FirstCash is expanding in emerging market, while losing revenues at home.  This shift to foreign markets makes sense for pawn stores as the U.S. economy continues its growth. As the United States begins to slow their growth, this counter-cyclical industry should see some revenues growth domestically as well.

In their most recent earnings report FirstCash increased estimates up by about $0.05 per share, and announced a quarterly dividend.  Stock buybacks remain confirmed but still pending.  However, the company bought back those shares at a much lower cost ($85.17) than what the current stock is trading for.

FirstCash pushed up operating margin by 120 BPS over FY18, leading to a 113 BPS increase to their return on equity.  The firm is levered with a Debt/Equity ratio of 44.83, marking a three year high. 
FCFS is expecting to bolster growth in their Latin American market, as domestic sales have begun to erode.
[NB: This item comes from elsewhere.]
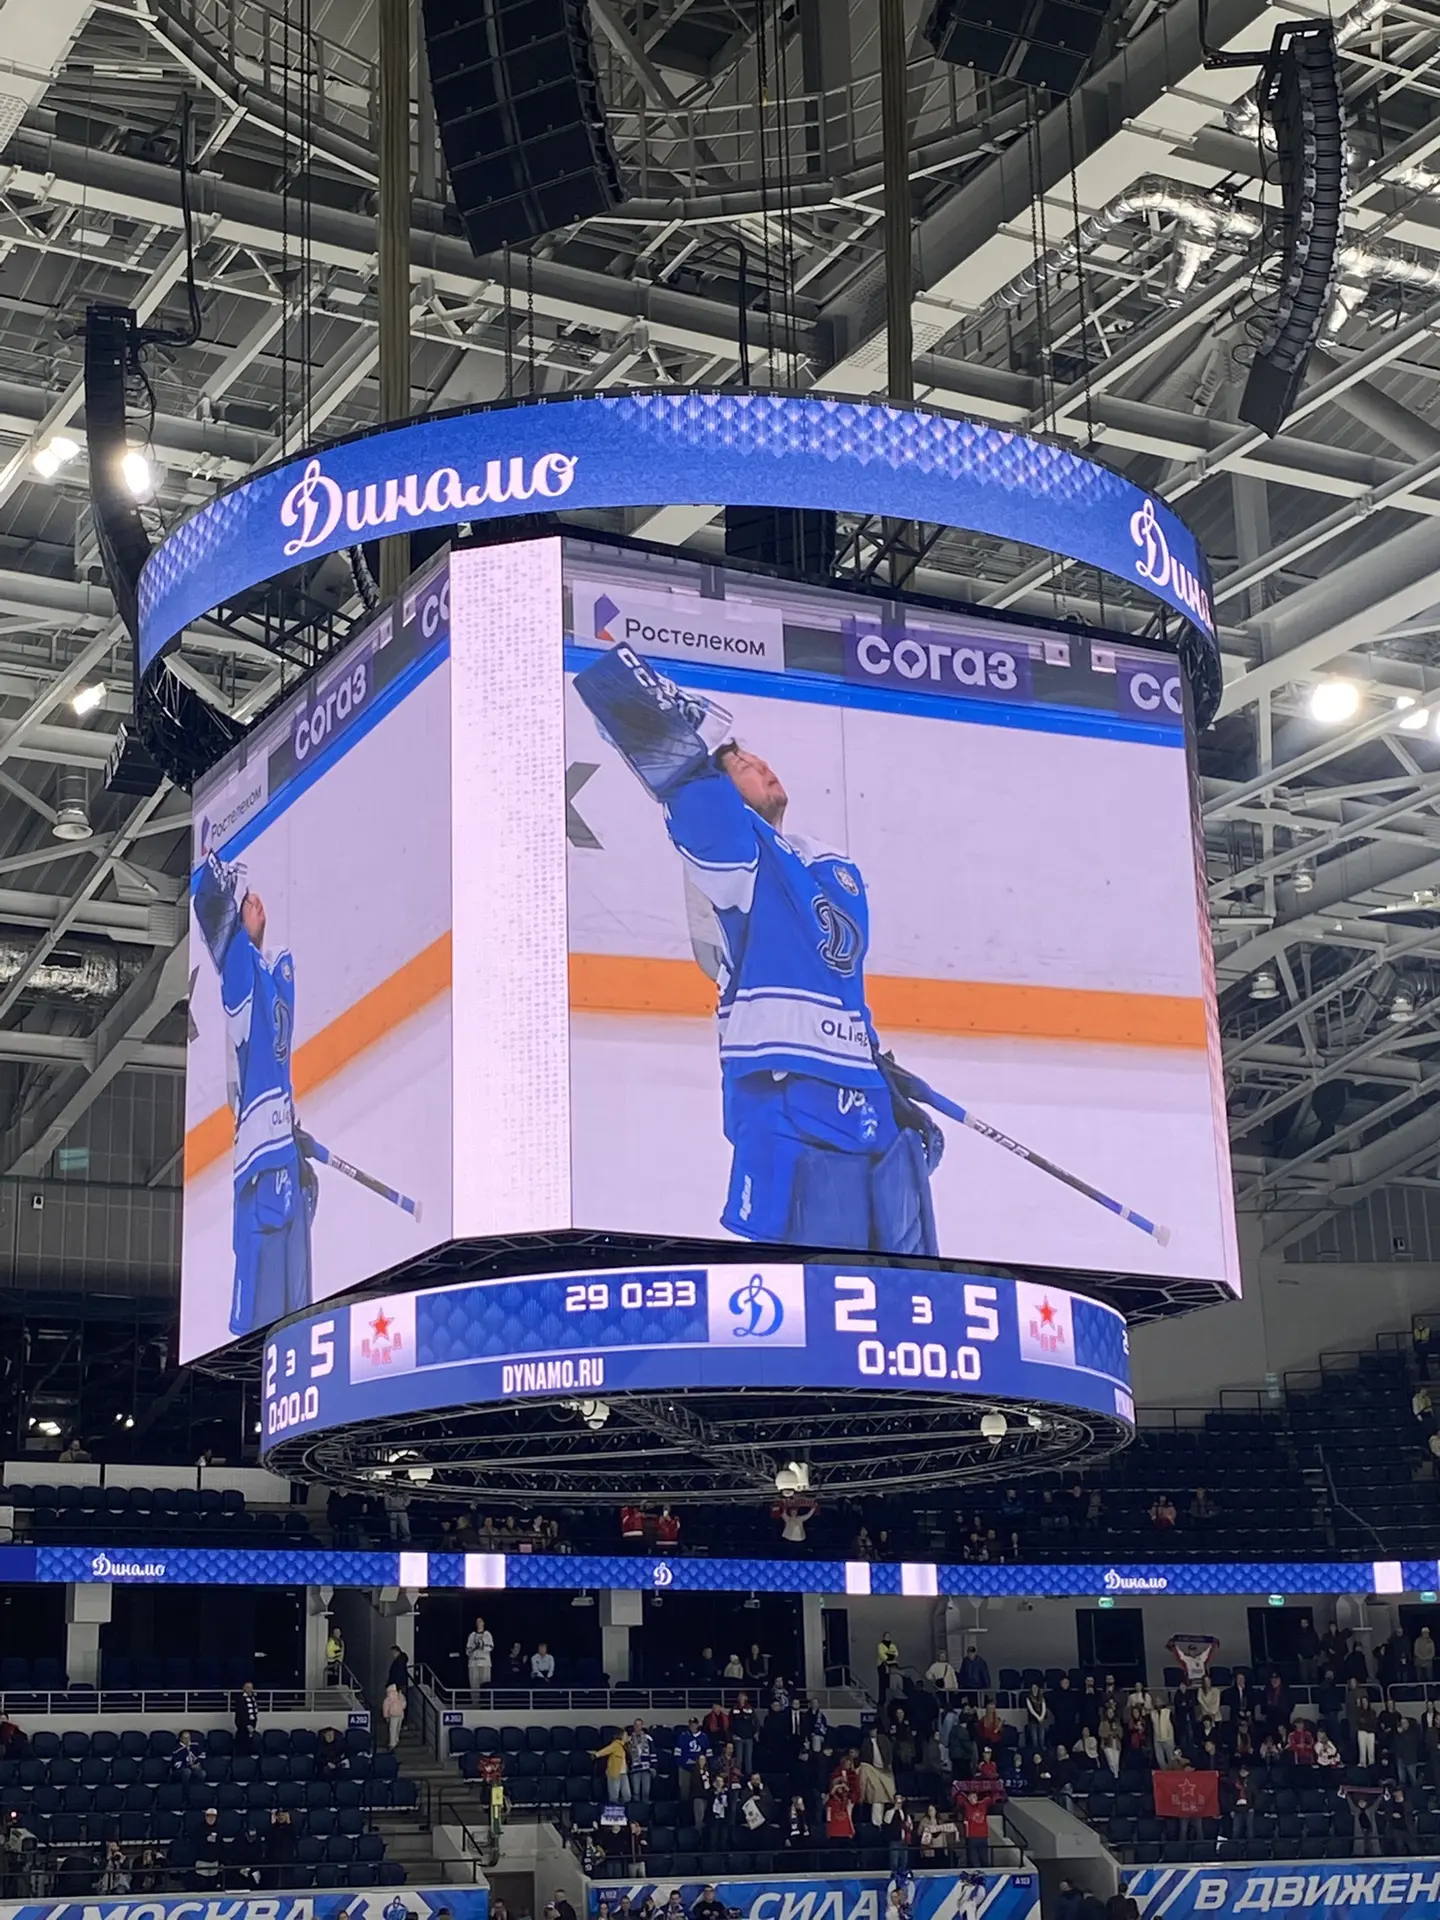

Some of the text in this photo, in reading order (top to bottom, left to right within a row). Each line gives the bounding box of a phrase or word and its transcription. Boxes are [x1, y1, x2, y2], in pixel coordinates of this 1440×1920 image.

The Latin American market poses significant risks as governmental policy and actions can be volatile in these locations.

What has the stock done lately?

Since the dividend announcement and management increasing guidance FCFS has traded near their 52 week high, peaking at their high of $100.43 on April 26th.  Previous to their earnings release the stock was trading up about 1.5% on the month.  The current high for this company does not seem like a flash in the pan as their growth within Latin America is sustainable.

Past Year Performance:

FCFS has increased in price about 12% over the last year.  The stock has been volatile with big drops in July and in December.  These drops eventually rallied especially starting at the beginning of the year.  The stock has a 52 week low-high of $66.28-$100.43, with the high just being reached last week.



Source: FactSet




My Takeaway:

FirstCash has seen large earnings for estimates for Q1 2019, and continues to grow their Latin American presence.  This fact leads to investors needing a larger return for their increased risk as opposed to domestic sales growth.  FCFS has compensated investors through Dividends yielding 1% along with stock buybacks of $144 MM still available. This stock has rose on strong earnings and increased guidance, however the increase in Latin American operations brings about additional risks.